A Polícia Civil do Mato Grosso indiciou o médico Bruno Felisberto do Nascimento Tomiello, de 29 anos, pela morte de Kethlyn Vitoria de Souza, de 15 anos, apontada como sua namorada. O crime ocorreu em Guarantã do Norte no dia 3 de maio, quando a adolescente foi morta com um tiro na cabeça. Segundo o delegado Waner Neves, Bruno foi indiciado por feminicídio e outros sete crimes, incluindo porte ilegal de arma de uso restrito e dirigir sob influência de álcool.
A versão apresentada por Bruno à polícia sustenta que o disparo foi acidental. Ele se entregou no dia 5 de maio, dois dias após o crime, e teve a prisão em flagrante convertida em preventiva. O médico afirma que os dois haviam saído para beber e que Kethlyn teria assumido a direção do carro ao sentar-se em seu colo.

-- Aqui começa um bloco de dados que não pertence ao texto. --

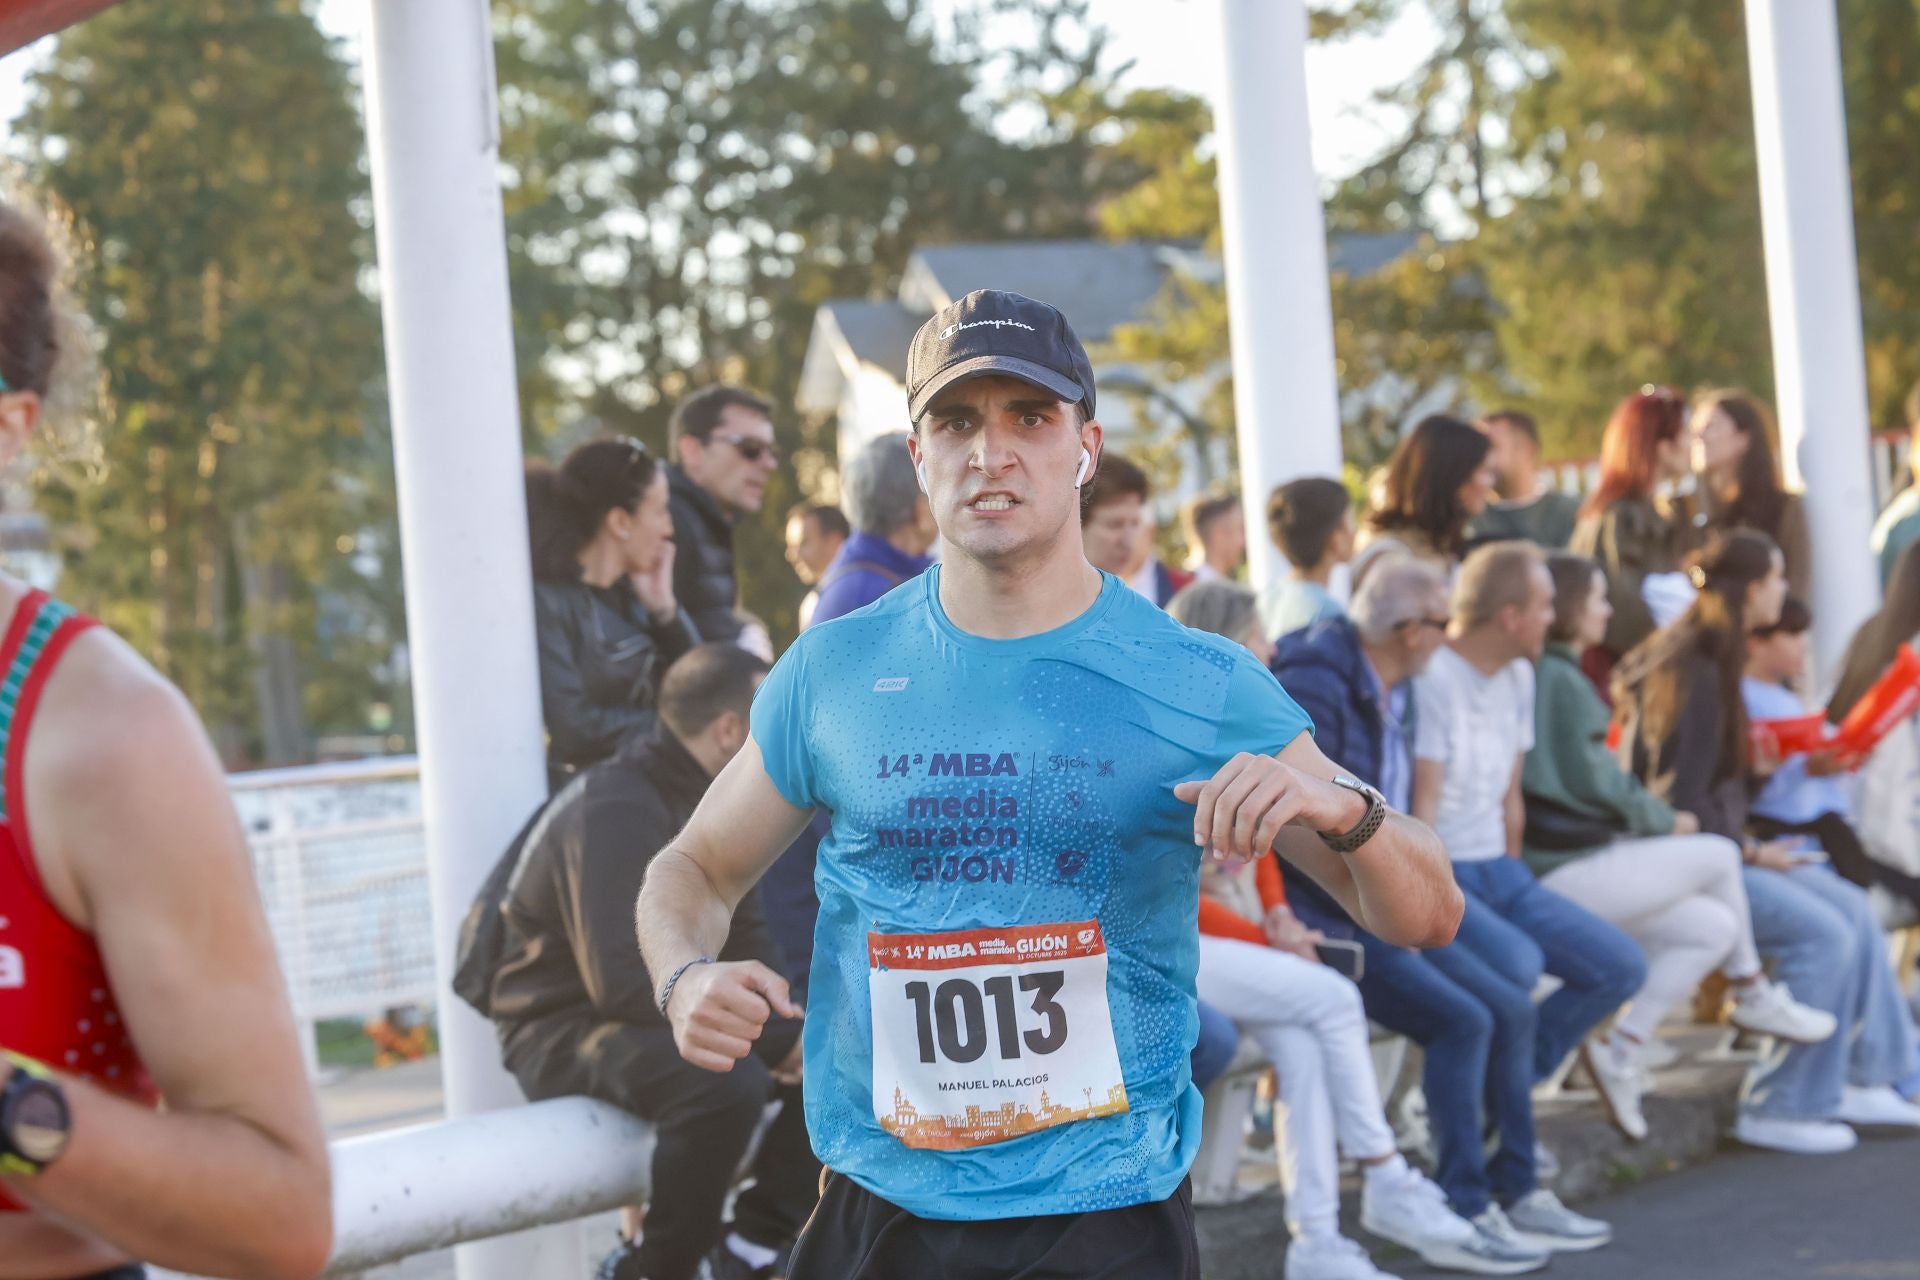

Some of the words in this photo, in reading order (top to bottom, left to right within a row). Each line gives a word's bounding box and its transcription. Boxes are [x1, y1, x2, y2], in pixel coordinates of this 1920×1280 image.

Segundo ele, ao pegar a arma para “brincar”, acabou disparando acidentalmente contra a jovem.
Além da acusação de feminicídio, Bruno também responde por dano ao patrimônio público, disparo de arma de fogo, entregar veículo a pessoa não habilitada e servir bebida alcoólica a menor de idade. Se condenado por todos os crimes, ele pode cumprir até 62 anos de prisão em regime fechado.
O Conselho Regional de Medicina de Mato Grosso (CRM-MT) instaurou uma sindicância para avaliar a conduta profissional do médico. Vídeos publicados pela adolescente nas redes sociais mostram Bruno manuseando uma arma enquanto dirigia, o que reforça os indícios de comportamento imprudente. A possível abertura de um processo ético dependerá do resultado da apuração interna do CRM.